Despite not having Brown’s elite services the rest of the night, the Celtics were still able to hack out a 107-98 victory over the Hawks. Star forward Jayson Tatum led the charge for the Celtics as he put up a tremendous all-around stat line of 33 points, 8 rebounds, and 7 assists, while combo guard Derrick White and power forward Grant Williams contributed 18 points apiece off the bench. Starting big man Robert Williams pulled off a near double-double night of 9 points, 13 boards, 2 assists, 1 steal, and 2 blocks while defensive-minded veteran guard Marcus Smart stuffed his stat sheet with 16 points, 6 rebounds, 4 assists, 1 steal, and 1 block to help the Celtics carve out their 37th win of the season.

As for the Hawks, it was another disappointing loss for them as they dropped to a record of 29 wins against 32 defeats in the Eastern Conference. Trae Young led the charge for the Hawks as he came up with 31 points, 2 rebounds, and 6 assists, while Serbian shooting guard Bogdan Bogdanovic came off the bench to pour in 25 markers, on top of four rebounds, three assists, and one steal. Veteran combo forward Danilo Gallinari contributed 12 points and 8 rebounds, but there were no other Hawks player who put up double digits in the scoring column. The Hawks are now seated in the 10thspot in the Eastern Conference standings, and they have lost two of their last three games, including a painful four-point defeat at the hands of the Chicago Bulls.

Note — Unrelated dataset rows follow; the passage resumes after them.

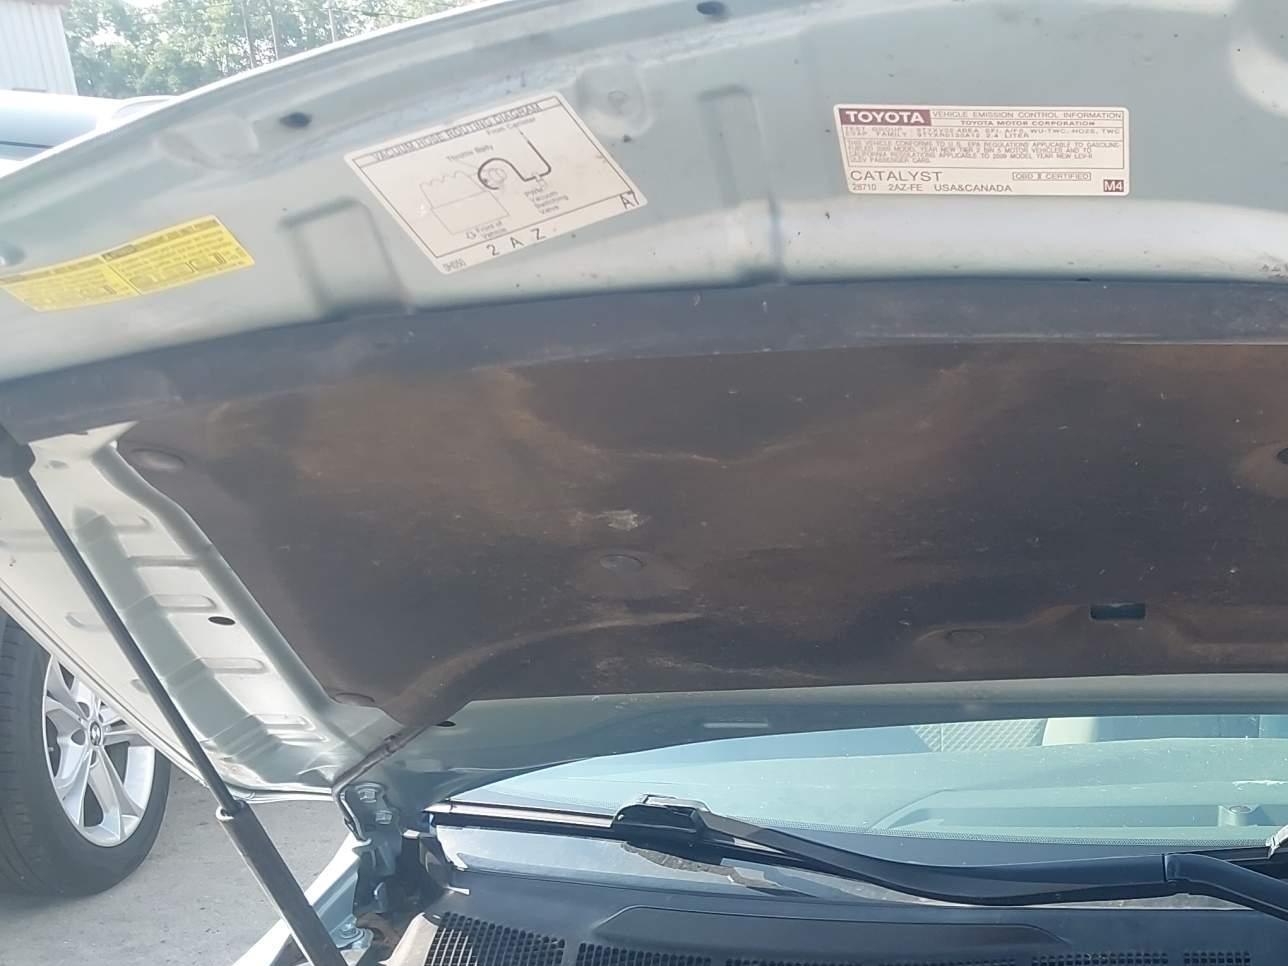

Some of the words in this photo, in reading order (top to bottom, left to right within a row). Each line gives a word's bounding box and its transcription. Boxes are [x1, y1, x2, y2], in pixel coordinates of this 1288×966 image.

[845, 111, 925, 124] TOYOTA
[850, 170, 943, 182] CATALYST
[888, 183, 923, 192] 2AZ-FE
[934, 184, 1013, 192] USA&CANADA
[1104, 181, 1123, 191] M4
[486, 244, 500, 256] 2
[510, 236, 524, 248] A
[530, 228, 546, 241] Z

As for Brown, it remains to be seen if how many games will he miss due to the ankle injury that he just sustained, but it is without a doubt that the Celtics will miss his elite services on both ends of the floor. As per a column written by Dan Devine for The Ringer back in 2020, he pointed out that Brown is certainly one of the most versatile stars in the league today, and that the Celtics depend on him for a lot of things.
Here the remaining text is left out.